Fearing the proliferation of illicit versions of the drug xylazine – or tranq – and its effects on the U.S. public, the National Association of Attorneys General (NAAG) wrote to Congressional leaders last week urging passage of the Combating Illicit Xylazine Act (H.R. 1839).
The legislation would officially classify xylazine as a controlled substance. Unlike other items involved in the overdose troubles facing the country, xylazine is notable for being a non-opioid. In fact, it is a veterinary tranquilizer meant for large animals such as horses or deer and was never approved or accepted as a medical solution for humans. However, it is not currently a federally designated controlled substance.
This makes it easier to acquire, and NAAG cited reports that xylazine is being used as an additive to illicit opioids, such as fentanyl, to lengthen euphoric effects. According to the American Psychiatric Association, xylazine’s prevalence in overdose deaths rose almost 19-fold between 2015 and 2020. The drug depresses breathing, blood pressure, heart rate and body temperature, which can cause unconsciousness, necrosis and death, and because it’s not an opioid, it’s not susceptible to reversal agents such as naloxone.
While noting that the full extent of psychological and physical dependence, effects caused by xylazine and even its prevalence in many states are unknown due to a lack of research and its use with other controlled substances, NAAG emphasized that a rise in xylazine has been reported in connection with fentanyl being trafficked from Mexico. According to the Drug Enforcement Administration (DEA), 48 out of 50 states have encountered xylazine, and its role in deaths reached more than 3,000 across all regions in 2021, with the American South bearing the brunt of the increases.
“Many of our States have scheduled xylazine, though some minor disagreement exists over which Schedule to place xylazine,” the organization wrote. “Nevertheless, we agree that Congress must act quickly to classify the illicit use of xylazine under Schedule III of the CSA. The Combating Illicit Xylazine Act provides critical tools that will enable the DEA to track its manufacturing, prevent diversion, and mandate analysis and reporting on the illicit use of xylazine.”

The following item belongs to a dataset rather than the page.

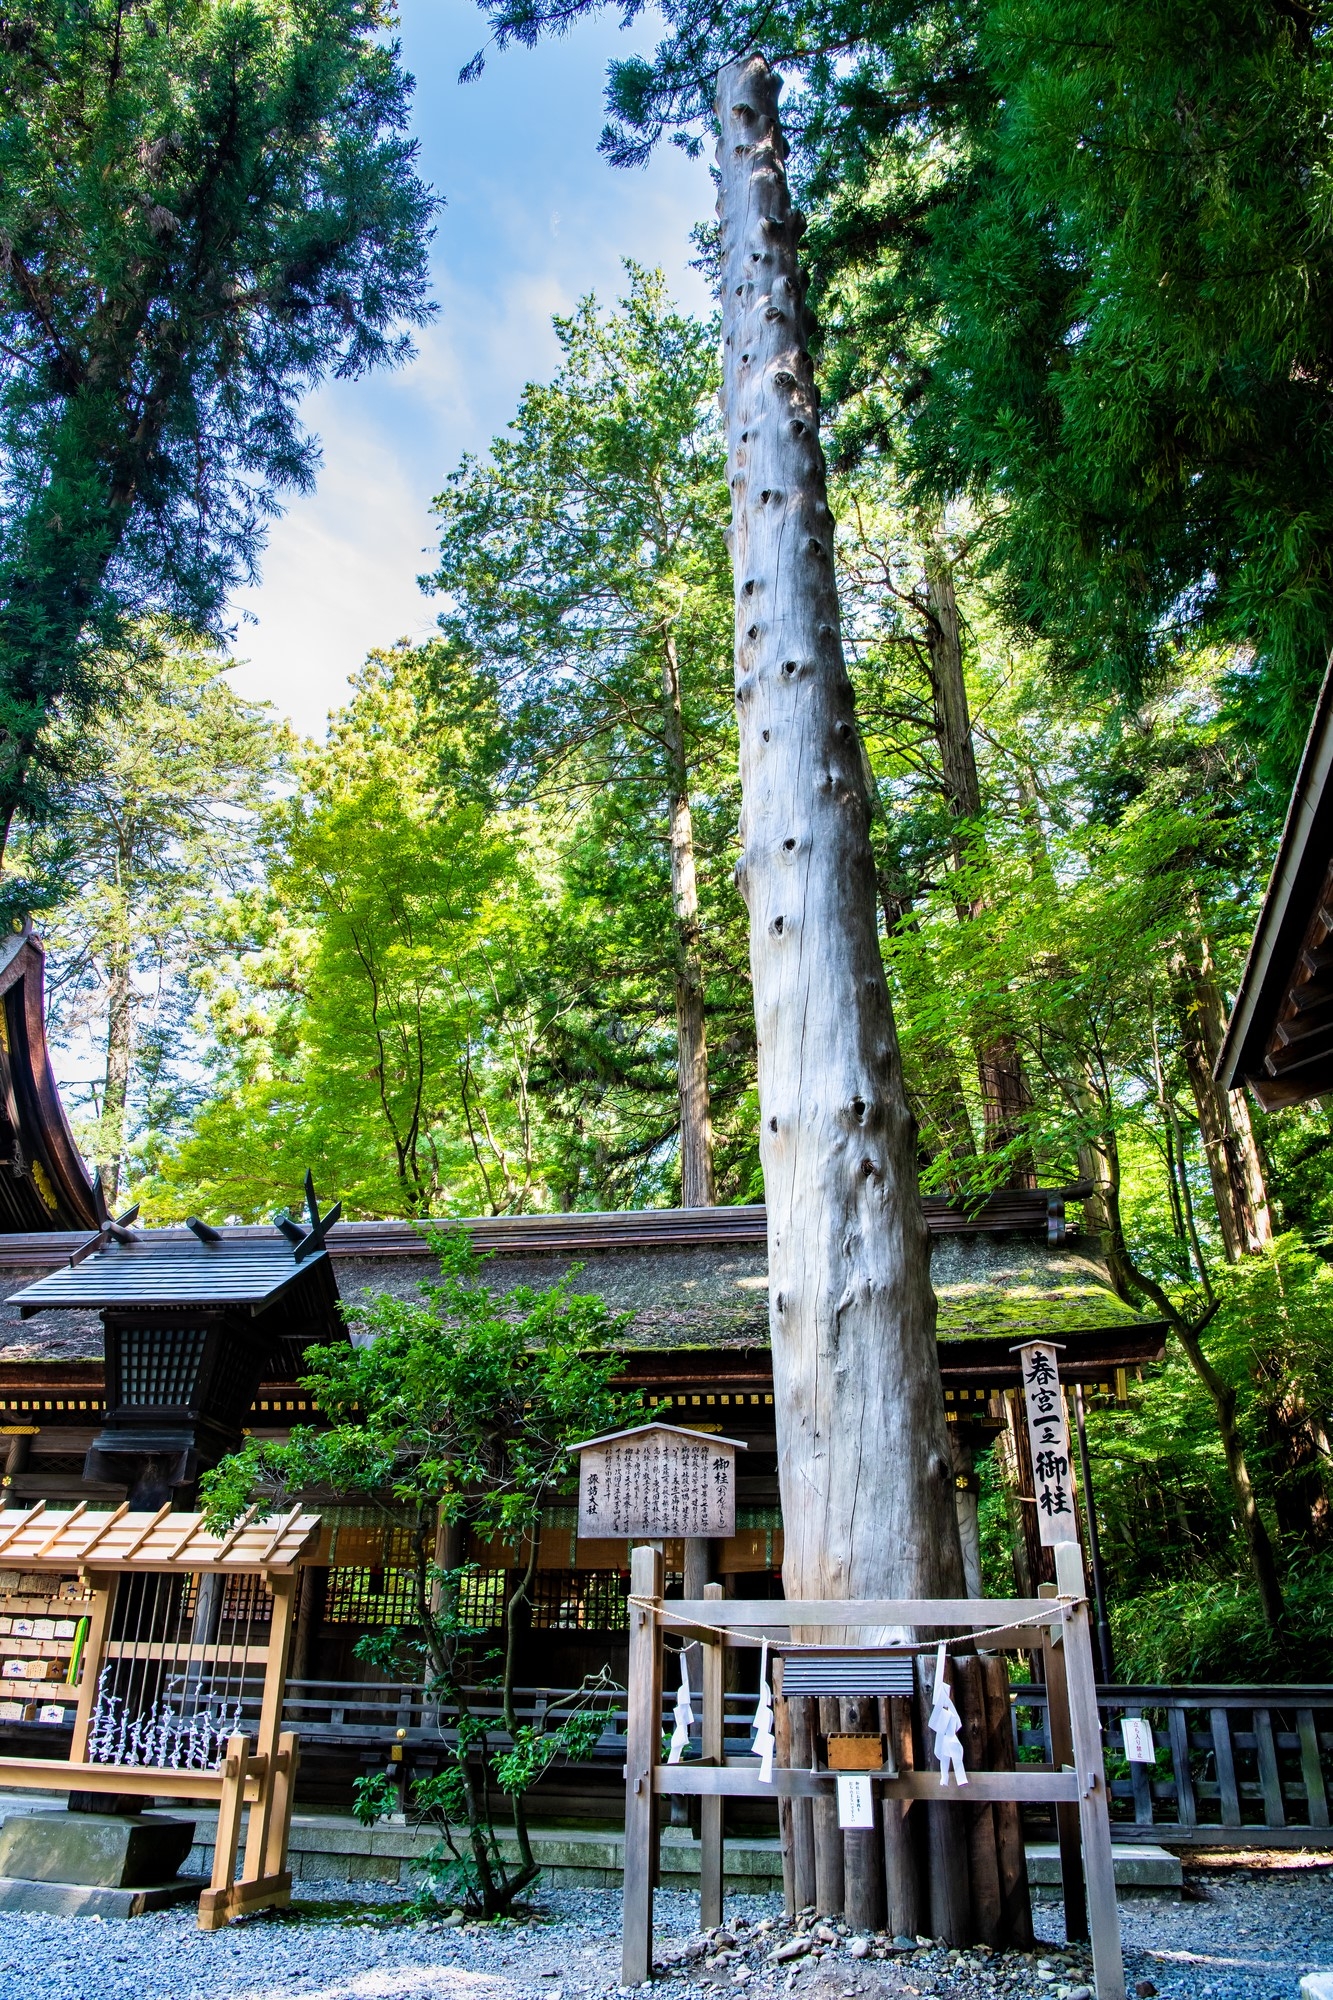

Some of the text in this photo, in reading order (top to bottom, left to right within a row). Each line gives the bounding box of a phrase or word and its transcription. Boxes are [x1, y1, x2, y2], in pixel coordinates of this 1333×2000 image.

In all, 39 attorneys general signed onto the letter, calling for the Combating Illicit Xylazine Act to be passed without delay. The bill was referred to the House Subcommittee on Health in April, but no further action has been taken on it since. Companion legislation S.993 was introduced to the Senate in March and referred to the Committee on the Judiciary, but similarly has faced no further action.